Salmonella enterica subspecie enterica is an important cause of zoonoses due to its capacity of infecting animals and humans. Poultry and its derivates are sources of transmission, therefore detection becomes an important control measure. Microbiological cultures are currently being used for this purpose but they have sensitivity limitations; molecular alternatives such as PCR allow for a fast and specific detection of Salmonella. The objective of this study was to standardize a PCR for Salmonella in egg samples and a multiplex PCR for Enteritidis and Typhimurium. One hundred and fourty four egg samples were studied: 36 shell wash, 36 yolk-albumen, 36 peptone water plus yolk-albumen, and 36 washes of internal shell.
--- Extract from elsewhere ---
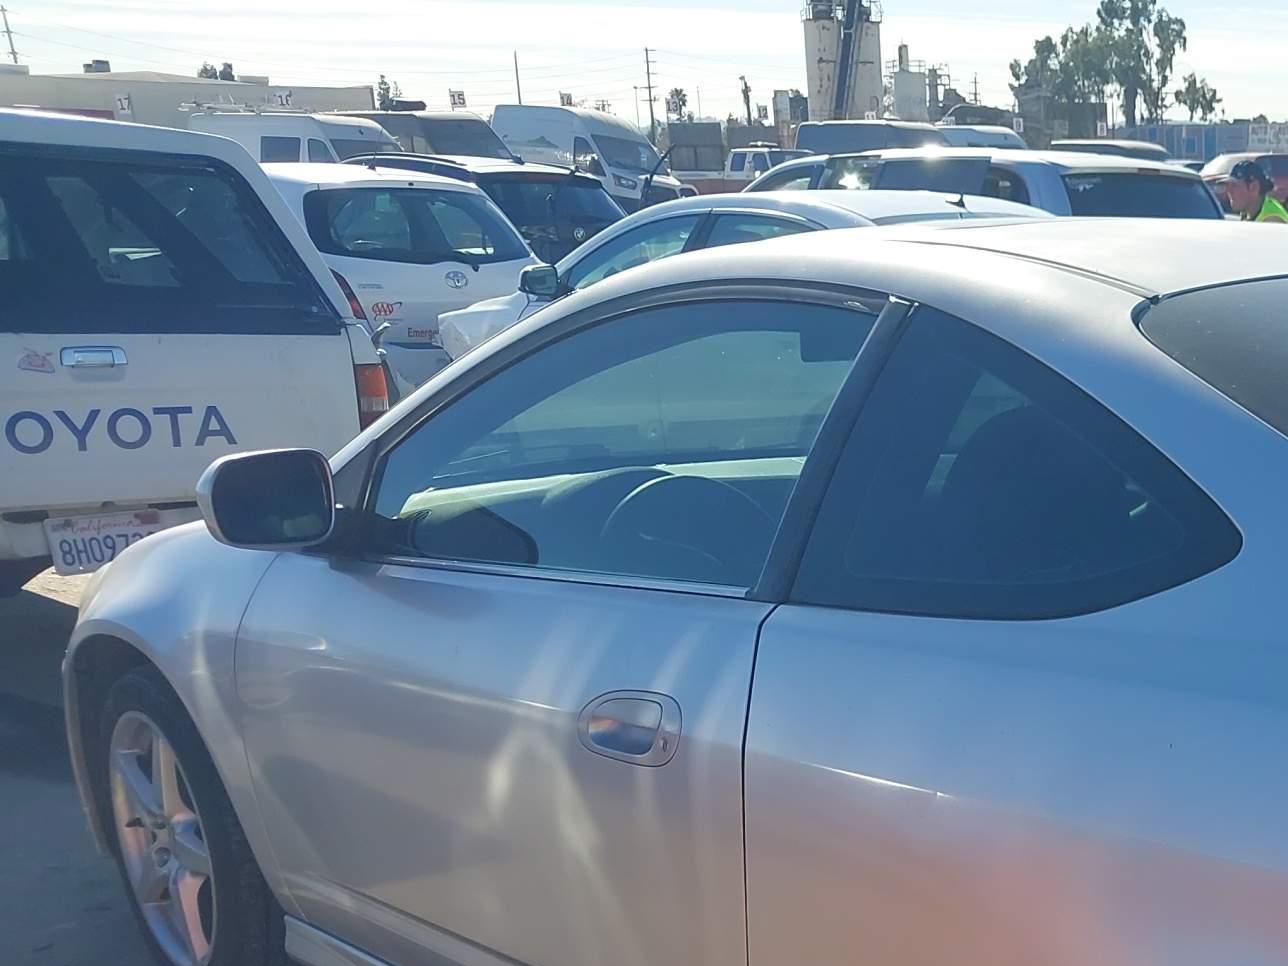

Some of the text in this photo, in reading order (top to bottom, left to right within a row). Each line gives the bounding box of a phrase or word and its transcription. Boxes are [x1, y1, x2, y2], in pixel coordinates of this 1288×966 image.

[450, 93, 466, 105] 15
[666, 101, 679, 113] 13
[5, 405, 238, 454] OYOTA
In addition, 24 yolk-albumen samples were infected with 4 different Salmonella serotypes. The DNA from the samples was tested for hilA and multiplex PCR. The PCR for hilA gene showed a sensitivity (S) of 70.83% and specificity (Sp) of 100%, a positive predictor value (PPV) of 100%, and a negative predictive value (NPV) of 96.3%. The multiplex PCR showed a S of 75% and a Sp of 98.4%, PPV of 75%, and NPV of 98.4%. Both PCR tests can detect 0.27 µg/ml of DNA. The results show a potential value of these tests for the detection and control of salmonellosis transmitted by eggs. Further studies are needed in order to improve the sensitivity of detection, so that both tests can be used in the poultry and food industry.